現時点での「犯行動機」は真実とは限らない

「だれでもよかった」というありきたりな表現の場合は「だれか特定の人を私的なトラブルや怨恨で狙ったわけではない⇒つまりだれでもよかった」という意味合いで、一般の人が想定する「だれでもよかった」の表現に含まれるニュアンスとは異なっている場合がしばしばある。

「だれでもよかった」「むしゃくしゃしてやった」「いまでは反省している」など、事件発生直後に錯綜するさまざまな犯行動機は、必ずしも真実であるとはかぎらない。多くの人の記憶に刻まれる「秋葉原通り魔事件」がその典型である。初報段階でメディアに流れていた「負け組の怒り」「いわゆる『毒親』による教育の失敗」「非モテの怒り」は真実ではなかった。被告人の口から裁判で語られたのは「自分の大切な居場所だったネット掲示板でなりすましをやめさせたかったから」だった。
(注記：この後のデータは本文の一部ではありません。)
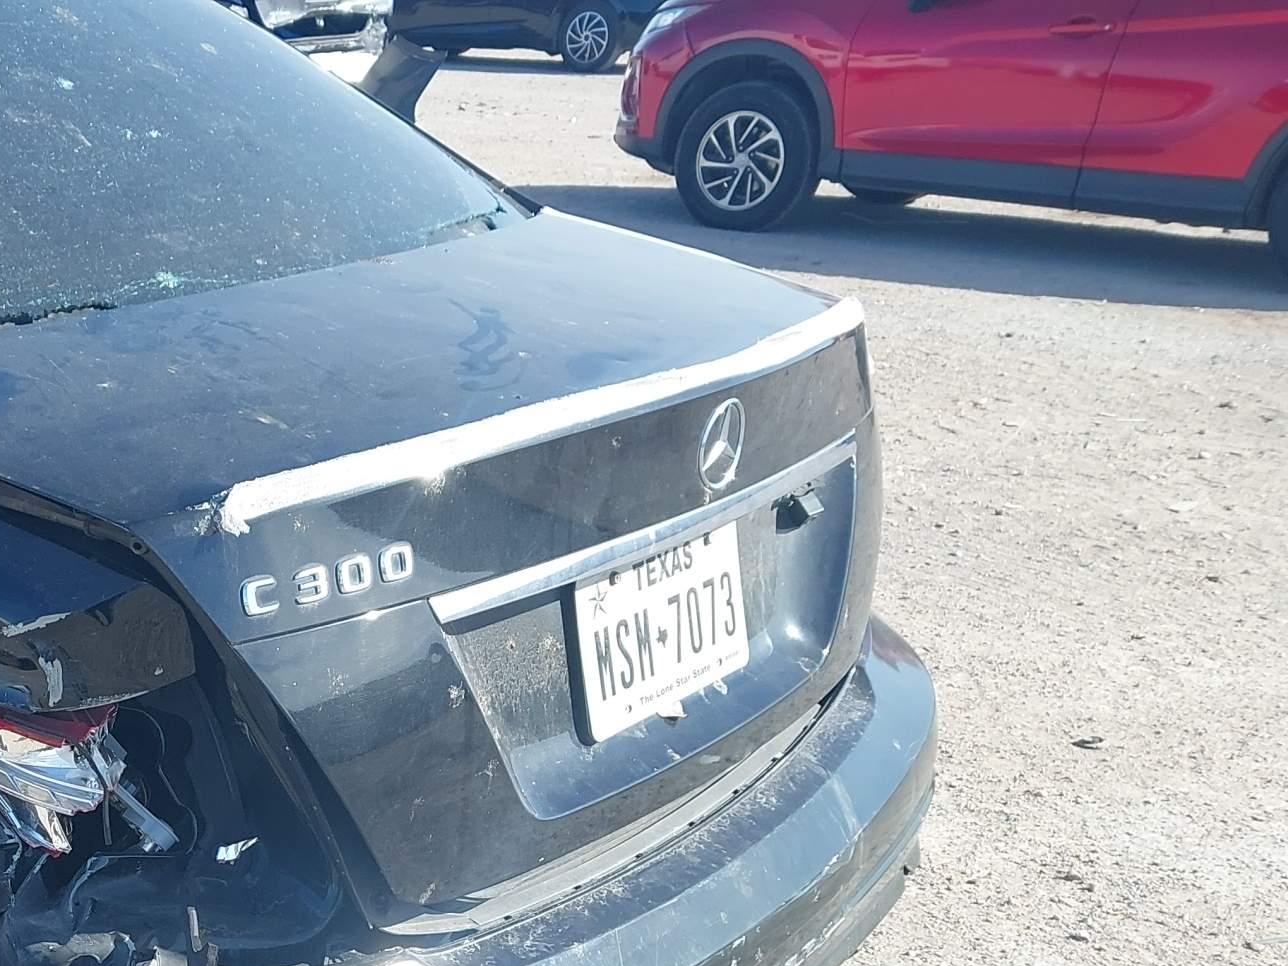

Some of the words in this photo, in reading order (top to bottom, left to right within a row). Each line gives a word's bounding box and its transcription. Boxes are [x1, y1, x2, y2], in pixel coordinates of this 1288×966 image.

犯行の直接の動機としてはさまざまに推測されうる(そしておそらくは複雑な個人的ライフヒストリーにおいて複合的に影響し合っている)が、それは今後の取り調べや裁判で真実が明らかにされるのを待たなければならない。よって本稿では、今回の事件の容疑者の個人的な動機の具体的断定ではなく、多くの「通り魔事件」に共通する一般論としてのマクロな「背景」を考察する。

「通り魔」たちに共通する「疎外」という背景

凶行に及んだ最終的な個人的動機(トリガー)がなんであったにせよ、具体的な動機の内容にかかわらず、現代社会の「通り魔」的な事件のほとんどに大なり小なり共通している心理社会的背景は「疎外」である。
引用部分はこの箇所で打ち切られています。